These interventions are still considered unproven because
studies have included low numbers of patients and have lacked
adequate control groups. Steroids, such as cortisone,
have produced unwanted side effects, such as the atrophy or
death of healthy tissues. Another intervention involves iontophoresis,
the use of a painless current of electricity to deliver verapamil
or some other agent under the skin to the plaque.
Radiation
therapy, in which high-energy rays are aimed at the plaque,
has also been used. Like some of the chemical treatments,
radiation appears to reduce pain, but it has no effect at
all on the plaque itself and can cause unwelcome side effects.
Although the variety of agents and methods used points to
the lack of a proven treatment, new insights into the wound
healing process may yield more effective therapies in the
near future.
Peyronie's
disease has been treated with some success by surgery.

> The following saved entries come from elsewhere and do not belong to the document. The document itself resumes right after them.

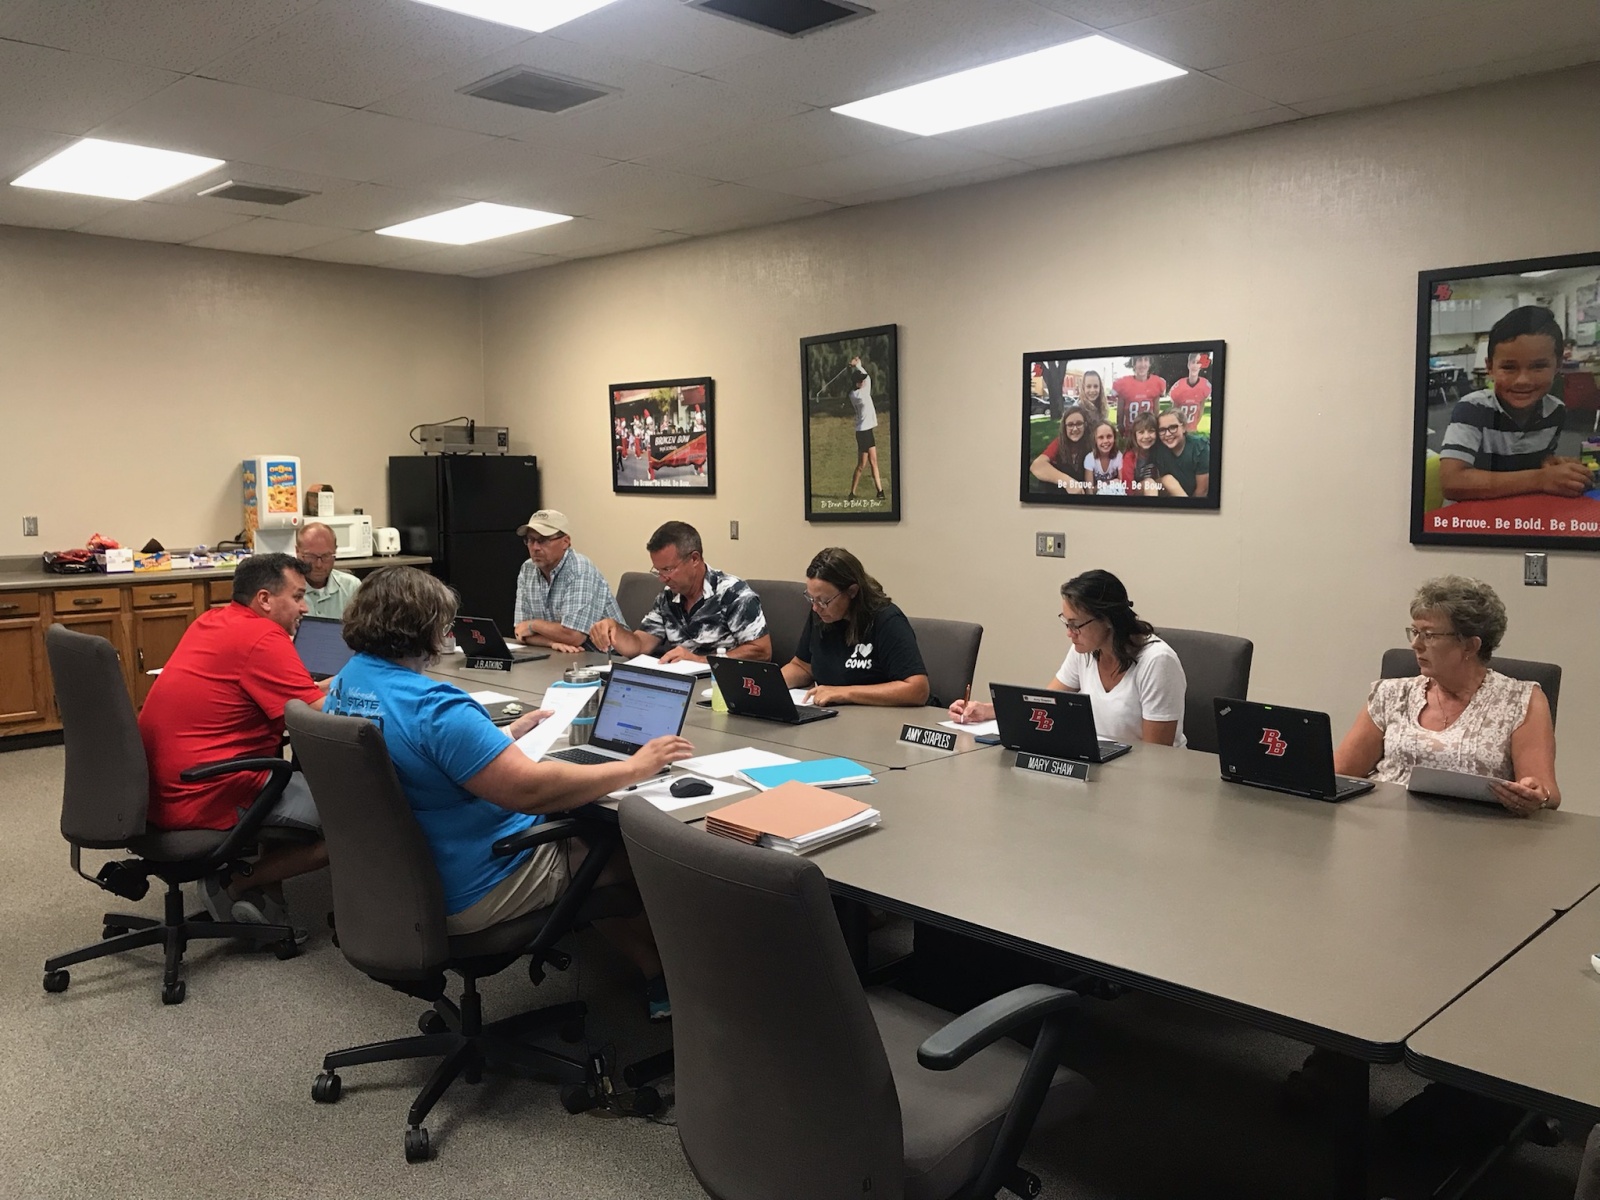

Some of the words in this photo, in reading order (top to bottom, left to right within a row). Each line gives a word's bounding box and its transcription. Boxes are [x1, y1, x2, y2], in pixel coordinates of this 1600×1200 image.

[655, 435, 677, 446] BROKEN
[677, 434, 690, 443] BOW
[1057, 480, 1067, 489] Be
[1069, 480, 1094, 490] Brave.
[1097, 480, 1107, 490] Be
[1109, 480, 1129, 490] Bold.
[1131, 480, 1142, 490] Be
[1144, 481, 1165, 491] Bow.
[1434, 516, 1448, 528] Be
[1452, 516, 1490, 529] Brave.
[1495, 517, 1511, 529] Be
[1514, 518, 1545, 530] Bold.
[1550, 519, 1566, 531] Be
[470, 629, 486, 645] BB
[850, 643, 860, 658] I
[845, 658, 872, 670] COWS
[742, 677, 761, 697] BB
[347, 697, 380, 710] STATE
[1029, 707, 1054, 732] BB
[905, 727, 923, 742] AMY
[922, 730, 951, 749] STAPLES
[1258, 727, 1288, 757] BB
[1028, 757, 1050, 771] MARY
[1051, 760, 1074, 776] SHAW
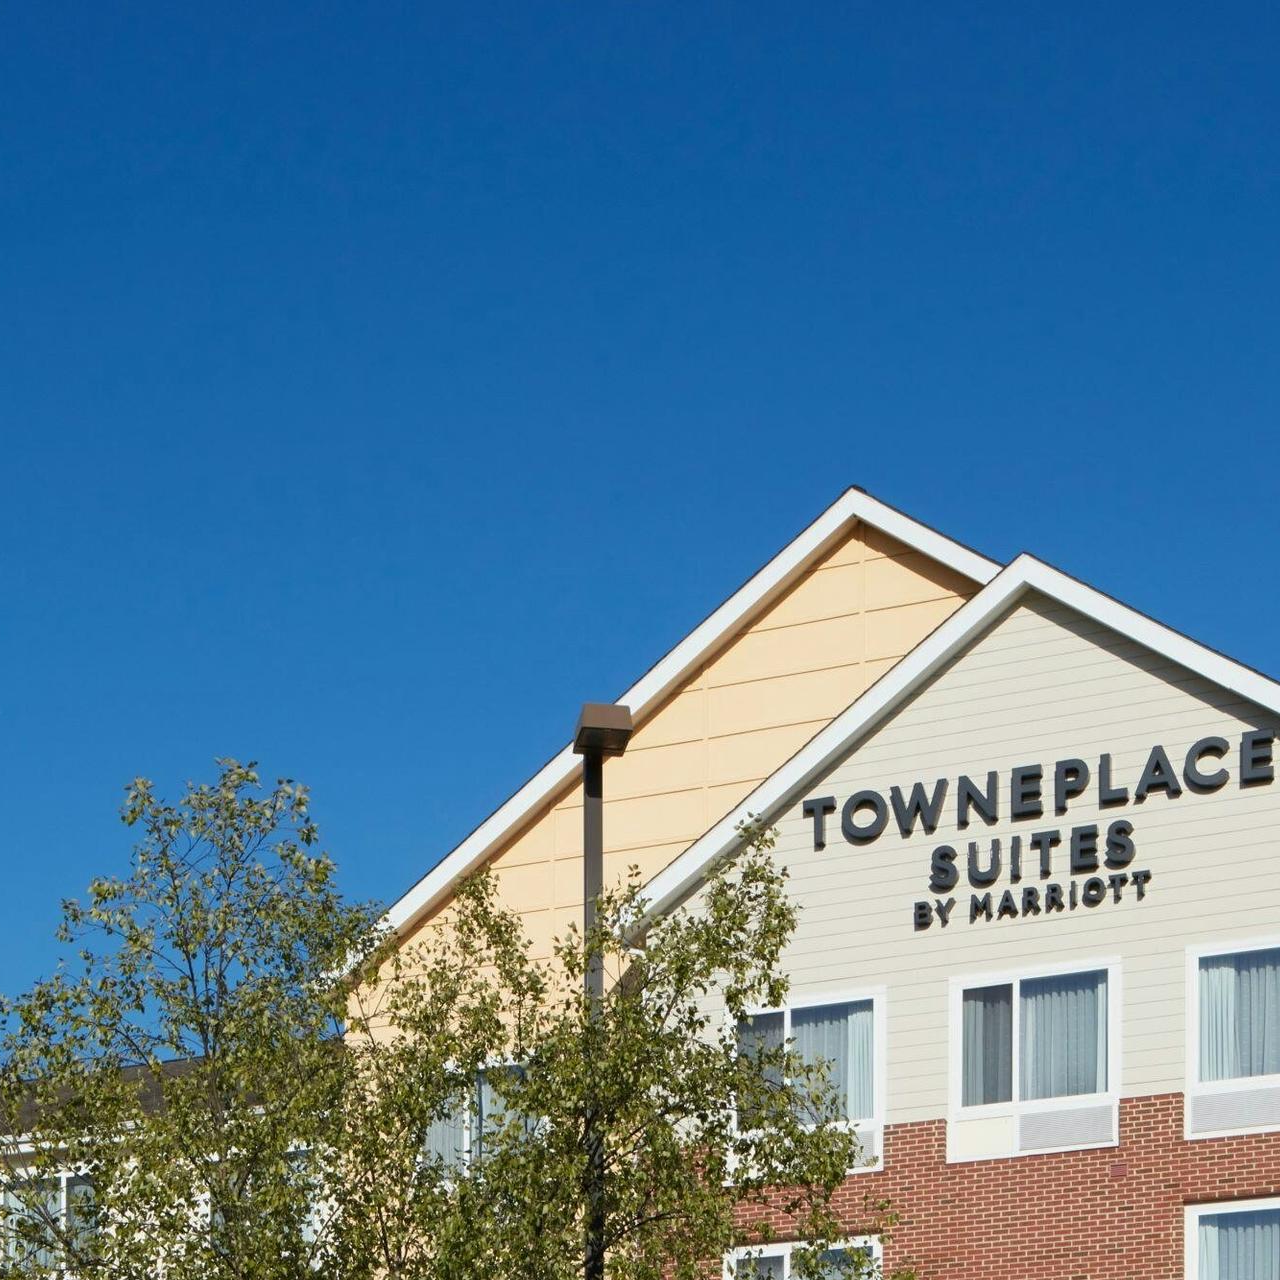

The two most common surgical methods are removal or expansion
of the plaque followed by placement of a patch of skin or
artificial material, and removal or pinching of tissue from
the side of the penis opposite the plaque, which cancels out
the bending effect. The first method can involve partial
loss of erectile function, especially rigidity. The second
method, known as the Nesbit procedure, causes a shortening
of the erect penis.
Some men
choose to receive an implanted device that increases rigidity
of the penis. In some cases, an implant alone will straighten
the penis adequately. In other cases, implantation is combined
with a technique of incisions and grafting or plication (pinching
or folding the skin) if the implant alone does not straighten
the penis.
Most types
of surgery produce positive results. But because complications
can occur, and because many of the phenomena associated with
Peyronie's disease (for example, shortening of the penis)
are not corrected by surgery, most doctors prefer to perform
surgery only on the small number of men with curvature so
severe that it prevents sexual intercourse.